Aha! 💡 I had imputed missing values into a new variable, x_train_embarked, but I never updated the original x_train DataFrame!

That means the original x_train['Embarked'] still had NaN values when I called .fit() on the encoder:

x_train['Embarked'] = ohe_embarked.fit_transform(x_train[['Embarked']])

This caused the encoder to treat NaN as a valid category, resulting in 4 categories being learned:

['C', 'Q', 'S', NaN]

But in the test data, there were no NaN values, only:

['C', 'Q', 'S']

So the encoder ignored the unseen NaN category, resulting in:

x_test_embarked.shape = (179, 3)

✅ The Fix

The correct way was to assign the imputed values back to the original DataFrame:

x_train['Embarked'] = si_embarked.fit_transform(x_train[['Embarked']])
x_test['Embarked'] = si_embarked.transform(x_test[['Embarked']])

Now, when I fit the encoder:

ohe_embarked = OneHotEncoder(sparse=False, handle_unknown='ignore')
x_train_embarked = ohe_embarked.fit_transform(x_train[['Embarked']])
x_test_embarked = ohe_embarked.transform(x_test[['Embarked']])

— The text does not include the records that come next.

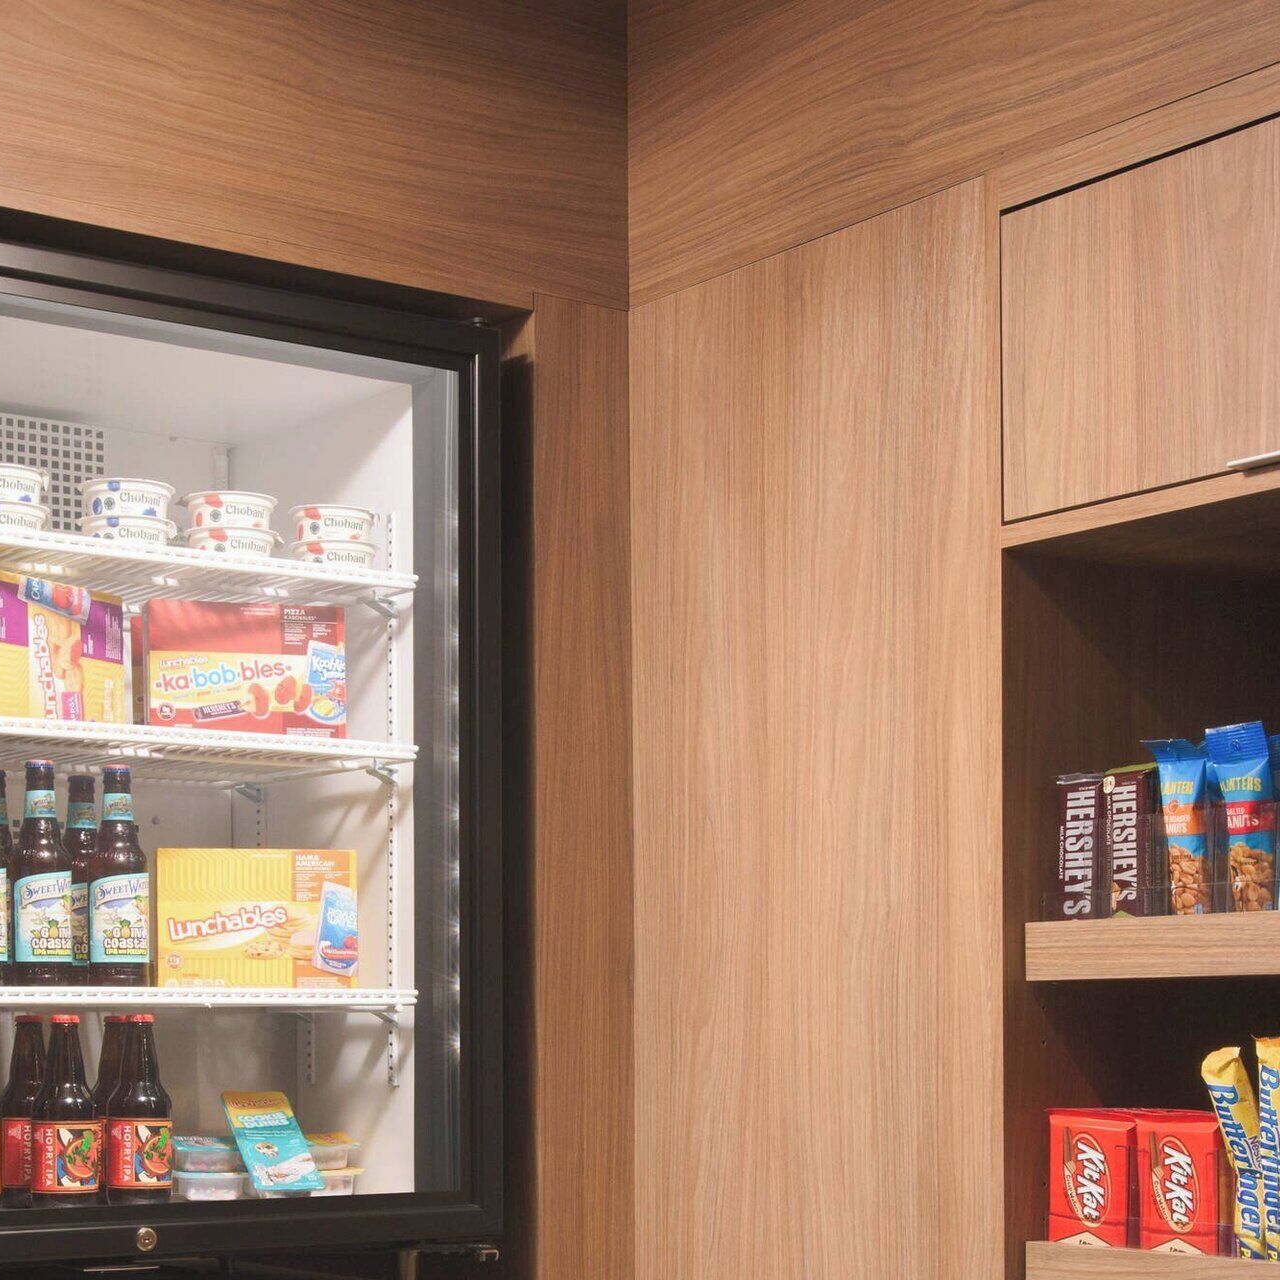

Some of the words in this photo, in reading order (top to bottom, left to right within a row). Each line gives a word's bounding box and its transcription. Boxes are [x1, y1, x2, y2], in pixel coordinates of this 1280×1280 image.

[120, 491, 160, 507] Chobani
[225, 503, 265, 519] Chobani
[324, 515, 363, 532] Chobani
[119, 527, 160, 543] Chobani
[230, 537, 267, 553] Chobani
[327, 551, 366, 566] Chobani
[1063, 788, 1096, 915] HERSHEY'S
[1111, 784, 1138, 902] HERSHEY'S
[168, 905, 289, 941] Lunchables
[45, 1169, 53, 1186] IPA
[123, 1165, 131, 1182] IPA

✅ The shapes finally matched:

x_train_embarked.shape → (712, 3)
x_test_embarked.shape → (179, 3)

📌 Bonus: What handle_unknown='ignore' Really Means

Here’s a quick visual explanation:

Imagine your training data had these categories:

['Red', 'Blue', 'Green']

And you encode them like this:

Red Blue Green
1 0 0
0 1 0
0 0 1

Now your test data contains a new category: 'Yellow'.

If you use:

OneHotEncoder(handle_unknown='ignore')

Then the encoder will just assign all 0s for 'Yellow':

Red Blue Green
0 0 0

✅ No crash. But also — you now have a row of all zeros!


🎓 Final Takeaways

  • Always handle missing values before encoding
  • If you’re using SimpleImputer, assign the output back to your original DataFrame
  • handle_unknown='ignore' prevents errors, but doesn’t fix shape mismatches caused by unseen categories during .fit()

This was a great learning moment for me while working through the Titanic dataset with CampusX. Hope this helps anyone else facing the same mystery! 🧩

Let me know if you've run into similar preprocessing surprises!